Monday, April 25, 2016

The Deering Story

April 18, 2016 © Thomas J. Kollenborn. All Rights Reserved.

A man appeared at the Bark-Criswell Ranch in December of 1891 with a burro and a puppy. The burro he called “Chase” and the puppy he called “Yelp.” He informed Jim Bark that the Silver King Mine had shut down again. He asked about securing employment on the ranch. The owner asked him if he could repair water holes and maintain them for cattle. The man said he could and would, as long as he could periodically prospect. The man’s name was John Chuning.

Chuning later told Jim Bark about a gold mine he knew of in the Superstitions. Bark listened attentively and soon remarked, “It wouldn’t be difficult to find a mine if someone had already found it.”

Jim Bark was a very successful business man, with interest including ranching, meat packing business, and gold prospecting. Bark owned what is now known as the Quarter Circle U Ranch, pictured above about 1934.
Chuning said the mine was located in a rugged place and nobody would go up there to look for it. He further explained he had built a small rock monument near the site of the mine.  The country, he said, was so rough even if you found the monument you couldn’t find the mine.

Bark listened carefully as Chuning told how he had worked with Joe Deering at the Silver King and how tragic Joe Deering’s death had been in 1884. Chuning told Bark how Deering had told him about the mine.

Jim Bark, inset photo taken around 1920. 

Deering reportedly had said the mine was located high up on a wall in an isolated and rugged canyon. He told about how Deering had tracked two soldiers and then used pure logic to figure out where they worked their mine.

Chuning went on to explain how Deering said he had found the mine.

“I headed for Silver King to get a job,” Deering had told him. “I had camped in a big canyon at a spring, near some willow and sycamore trees. I had breakfast, took my canteen and went looking for my burro. I finally saw him halfway up the side of a mountain, and above my camp.
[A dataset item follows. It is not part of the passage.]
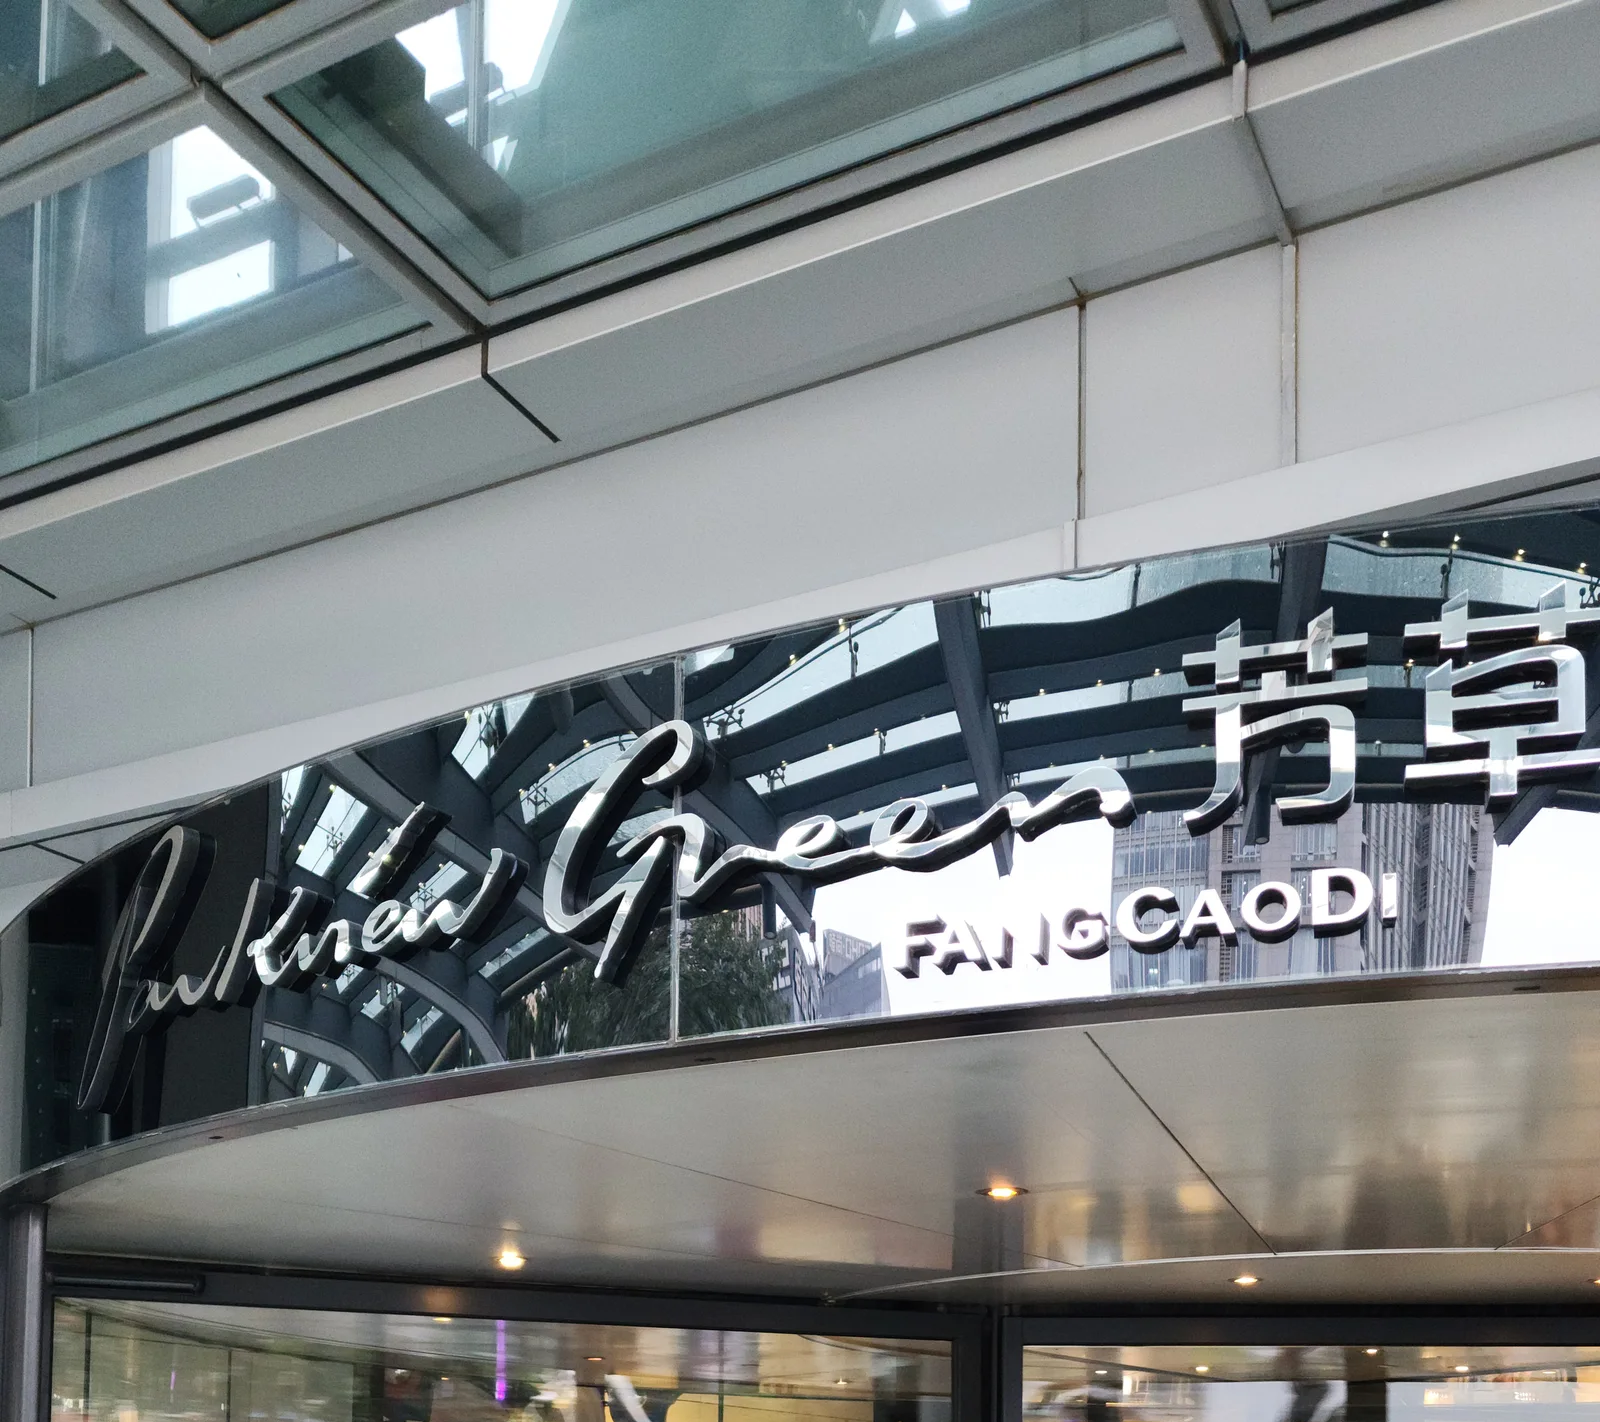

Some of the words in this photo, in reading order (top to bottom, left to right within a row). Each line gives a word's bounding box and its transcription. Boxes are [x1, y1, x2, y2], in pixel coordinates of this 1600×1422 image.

“As I started up after him I saw a deep worn trail. The trail was so much larger and worn so much deeper in the rocks than any other trail I had seen in those mountains that it excited my curiosity. I left the burro to follow the trail. I must have walked two or three miles and came to the worst place I have ever seen in these mountains.

“There was a tunnel and it had been walled up. The wall had settled about eight inches and had partly fallen down. I don’t know how deep the tunnel was. Above the tunnel it looked as though there had been two big shafts, but they were almost filled in.”
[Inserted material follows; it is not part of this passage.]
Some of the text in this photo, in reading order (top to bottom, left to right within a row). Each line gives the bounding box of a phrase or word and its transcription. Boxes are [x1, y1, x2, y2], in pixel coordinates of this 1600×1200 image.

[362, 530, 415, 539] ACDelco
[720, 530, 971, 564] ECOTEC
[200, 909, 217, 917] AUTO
Chuning said Deering returned to his camp over the same trail. He noticed a large willow tree growing just at the lower edge of the trail He rested under it and took out his little hand ax and cut a cross in the tree.
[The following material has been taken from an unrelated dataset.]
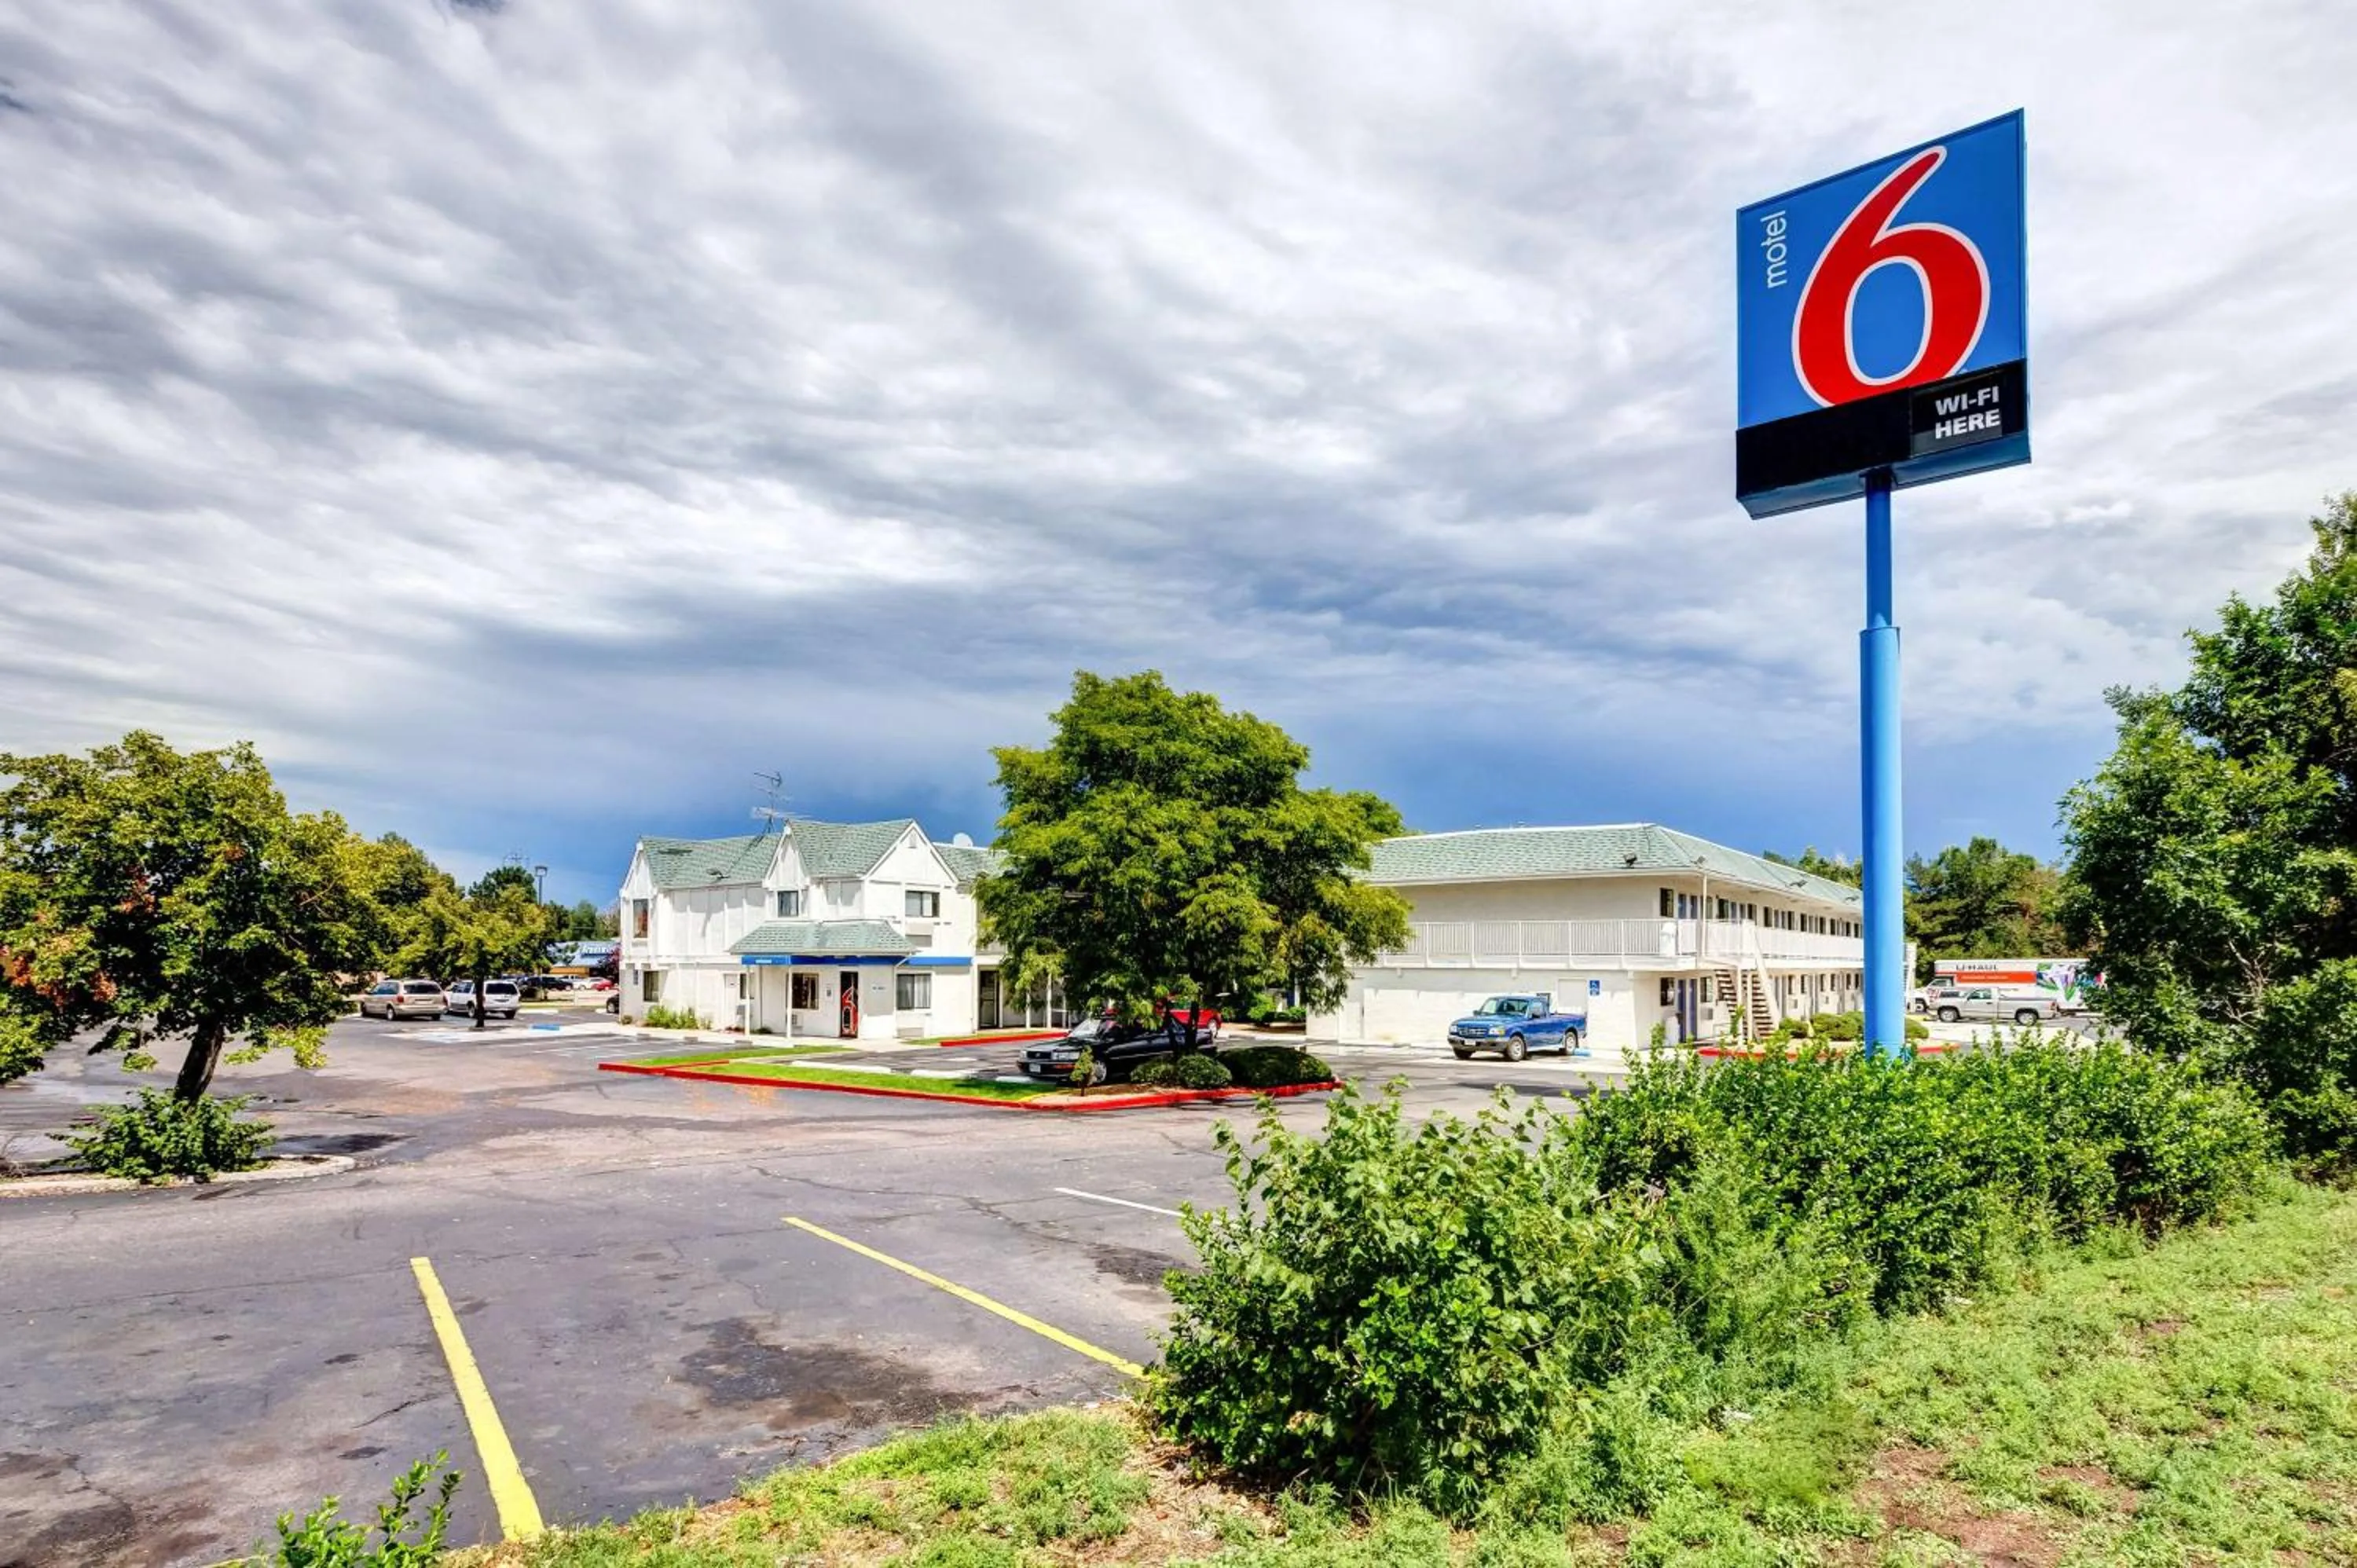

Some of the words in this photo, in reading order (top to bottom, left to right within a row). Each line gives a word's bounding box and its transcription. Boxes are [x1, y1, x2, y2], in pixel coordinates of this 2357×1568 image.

[1760, 209, 1787, 288] motel
[1791, 145, 1990, 407] 6
[1935, 386, 2000, 416] WI-FI
[1935, 408, 2001, 439] HERE
A prospector named Wright found a hand ax which had been pounded out of shape, as though it was used to crush or pound rock. This same trail was monumented by small piles of rocks until it left Javelina Canyon and dropped over into the Horse Mesa country. Chuning further claimed Deering had said the country was kind of ghostly looking and there were many queer-shaped rocks in the region. Some of them looked like stone statues.

Deering said, according to Chuning, “after closely examining the area I built four rock monuments of long slender stones with four or five smaller stones that were laid around to support them. I paid little attention to directions or distances in the area. I avoided placing markers near the mine.”

Chuning said after Deering had found the mine’s location he went to Silver King to secure a grubstake and ended up taking a job. This job underground proved to be fatal for Deering and he never returned to his find.

John Chuning, Bark’s friend, had met Joe Deering at the Silver King Mine a few weeks before he was killed in an accident. Deering had told Chuning he had found a mine, a very rich mine in the Superstitions south of the Salt River.

He had told Chuning about the “trick in the trail.” He explained you had to go down before you could negotiate the “trick in the trail.” Deering said he had worked the mine only twice and he never traveled through the mountains to it, but through the desert.

Deering showed Chuning about four pounds of rich gold ore from the mine while they were in Jesse Brown’s Saloon in Pinal. Chuning later told Bark the gold was quite rich. If the ore had been broken up the gold would have been the size of peas or kernels of corn. Some years later Jesse Brown verified Chuning’s story to Jim Bark in Nogales, Arizona.

Chuning hunted for Joe Deering’s lost mine for several years after Deering’s death at the Silver King Mine. Chuning worked for Bark off and on until Bark sold his ranch to Frank L. Criswell in 1907. After the sale of the ranch Chuning moved his base of operation to Tortilla Flat.

Chuning prospected around Tortilla Flat for about three years. John Chuning kept a base camp up La Barge Canyon in a cave just below the Lower Box of La Barge Canyon. The site today is known as Chuning’s Cave.

Sometime in October of 1910 Chuning became quite ill and passed away on November 11, 1910.

Ironically, Dr. Ralph Palmer signed Chuning’s death certificate.  Palmer owned and operated the Palmer Mine (Boulder-Buckhorn) on the western-side of Superstition Mountain.